───── Information provided ─────

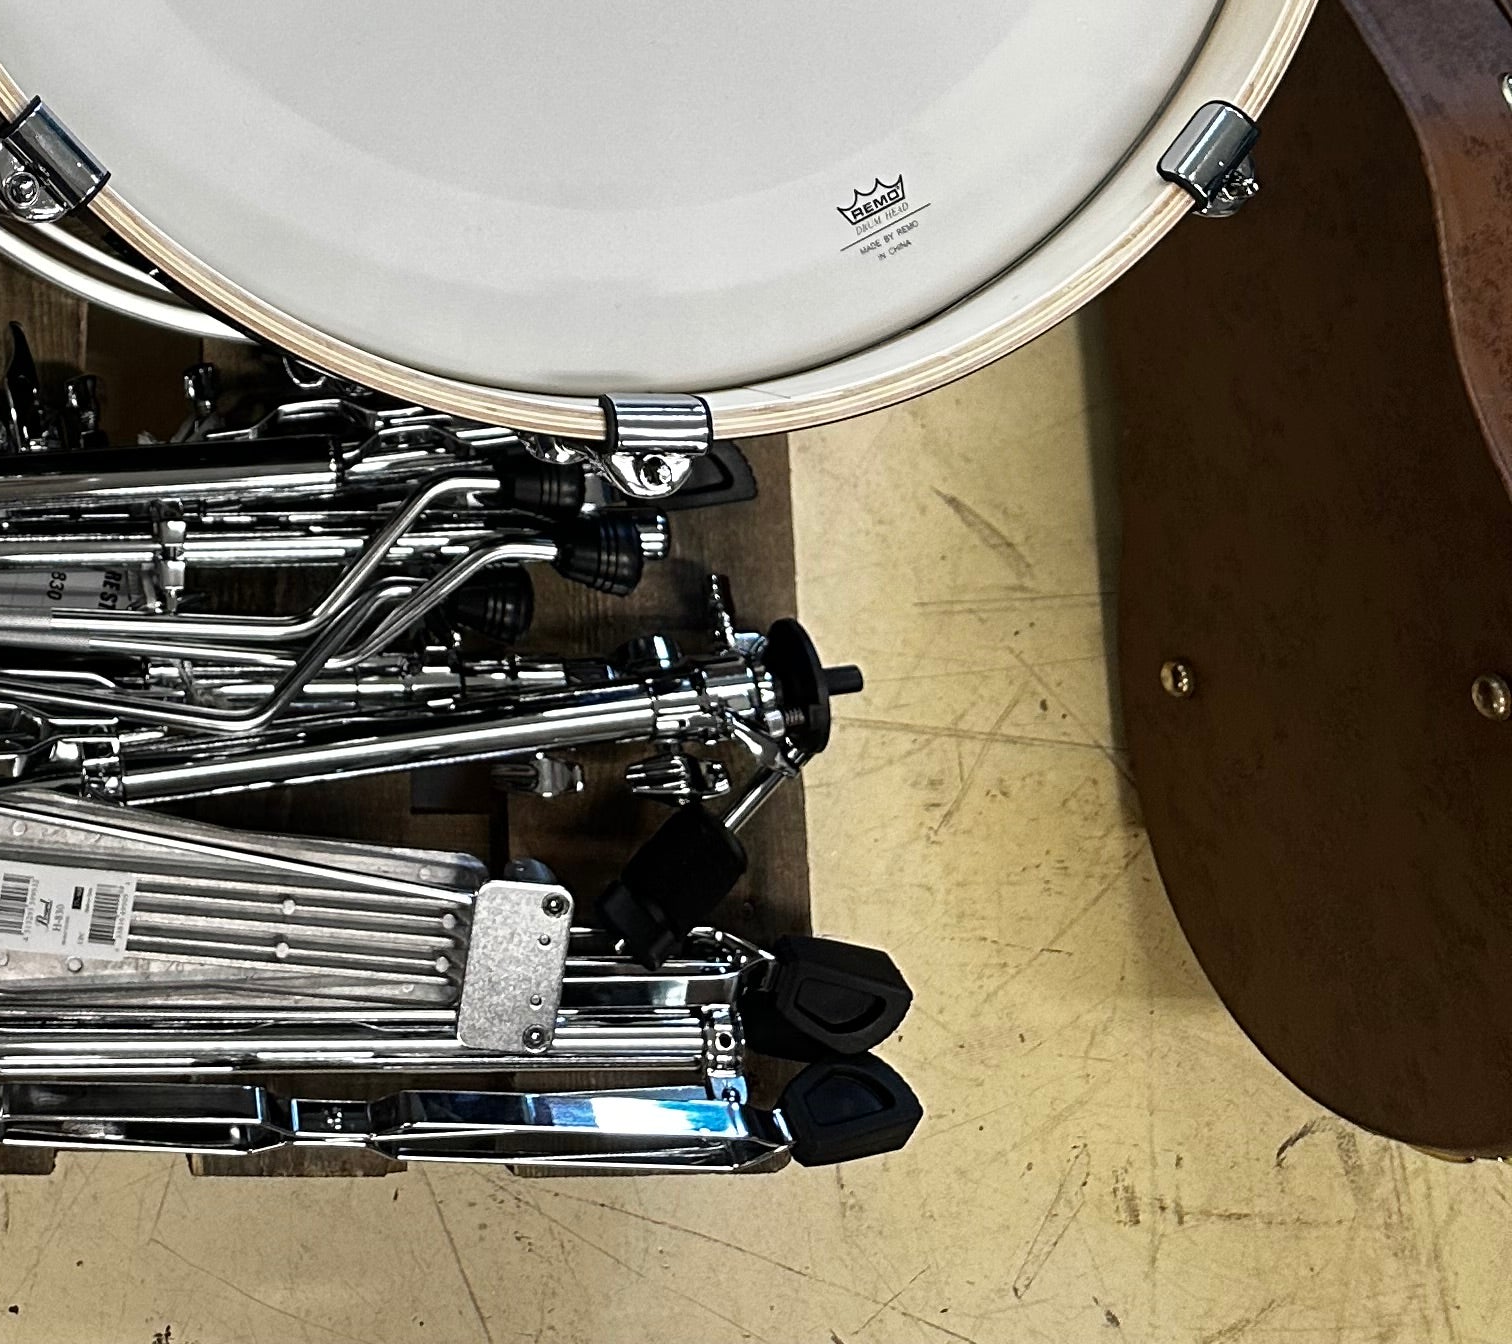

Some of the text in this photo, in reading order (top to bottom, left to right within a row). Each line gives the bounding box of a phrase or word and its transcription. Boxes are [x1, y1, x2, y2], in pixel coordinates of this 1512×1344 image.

[851, 188, 900, 219] REMO
[855, 201, 909, 236] DRUM HEAD
[859, 219, 919, 255] MADE BY REMO
[877, 239, 912, 261] IN CHINA
[46, 570, 67, 601] 830
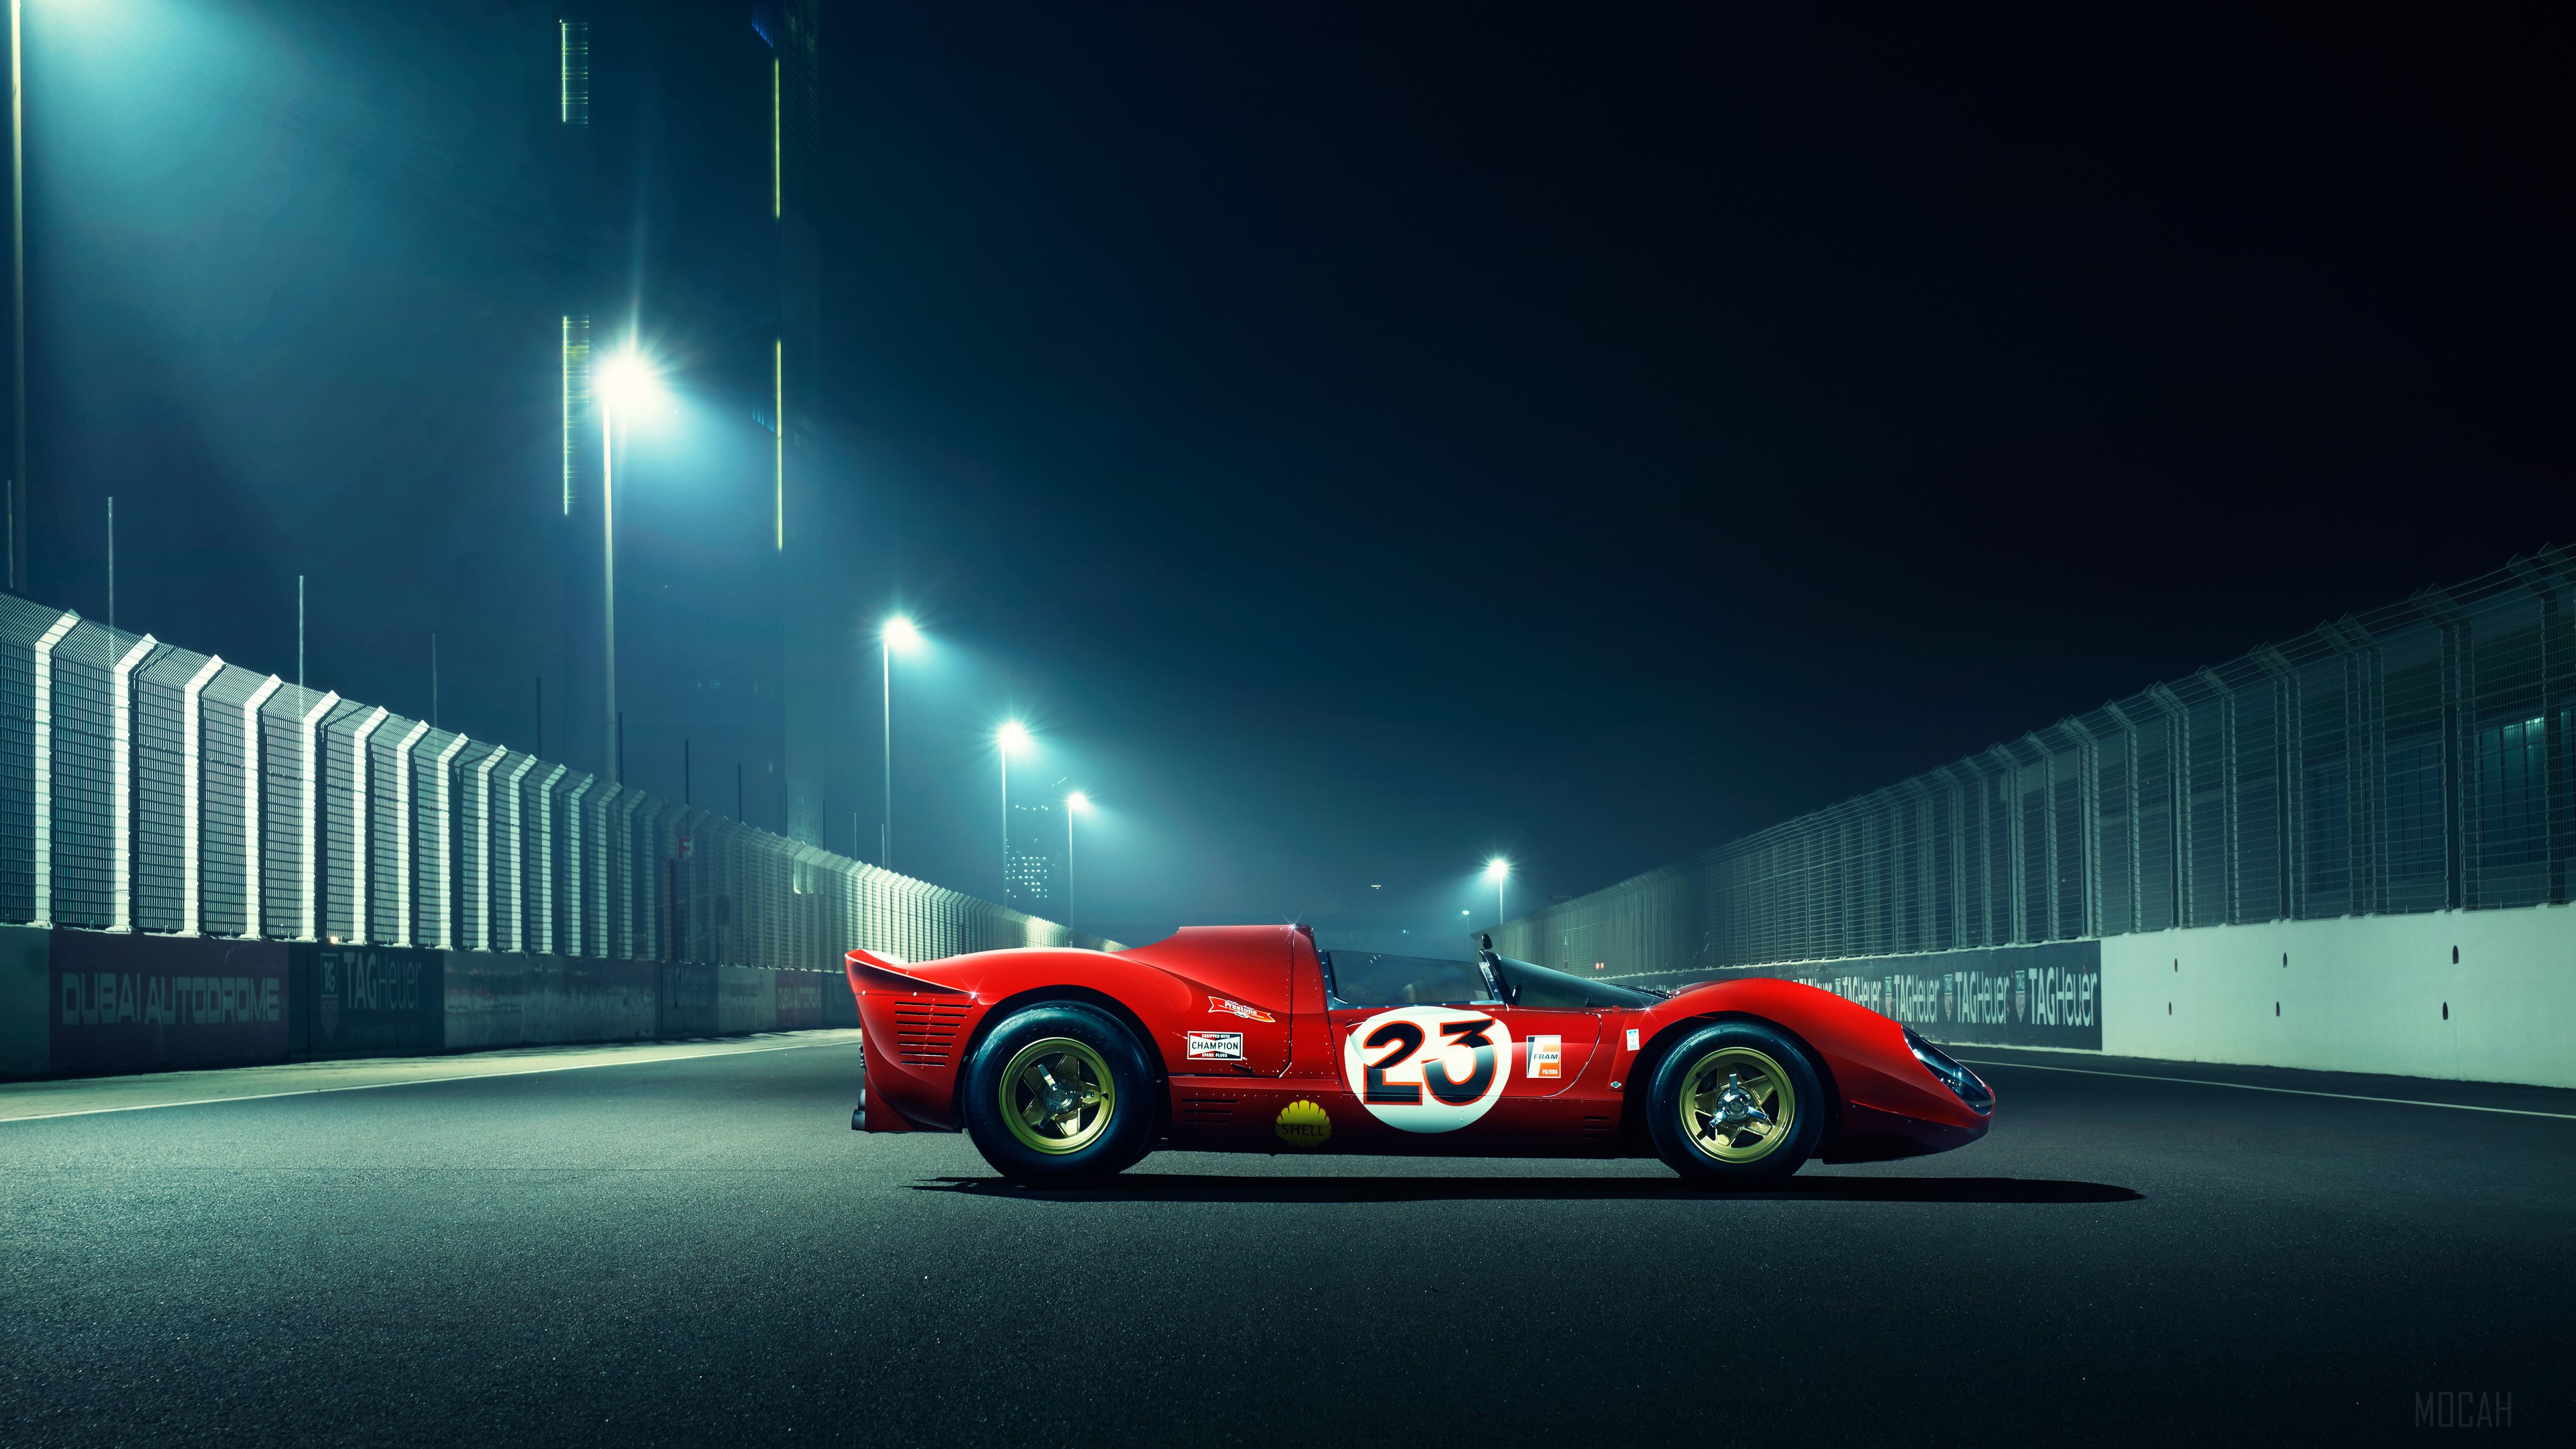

─────

Work order:
Would you copy each line above exactly as given, dropping any images?

Answer below:
Some of the text in this photo, in reading order (top to bottom, left to right within a row). Each line gives the bounding box of a phrase or word and its transcription. Boxes are [x1, y1, x2, y2], in pixel coordinates of this 1512×1344 image.

[851, 188, 900, 219] REMO
[855, 201, 909, 236] DRUM HEAD
[859, 219, 919, 255] MADE BY REMO
[877, 239, 912, 261] IN CHINA
[46, 570, 67, 601] 830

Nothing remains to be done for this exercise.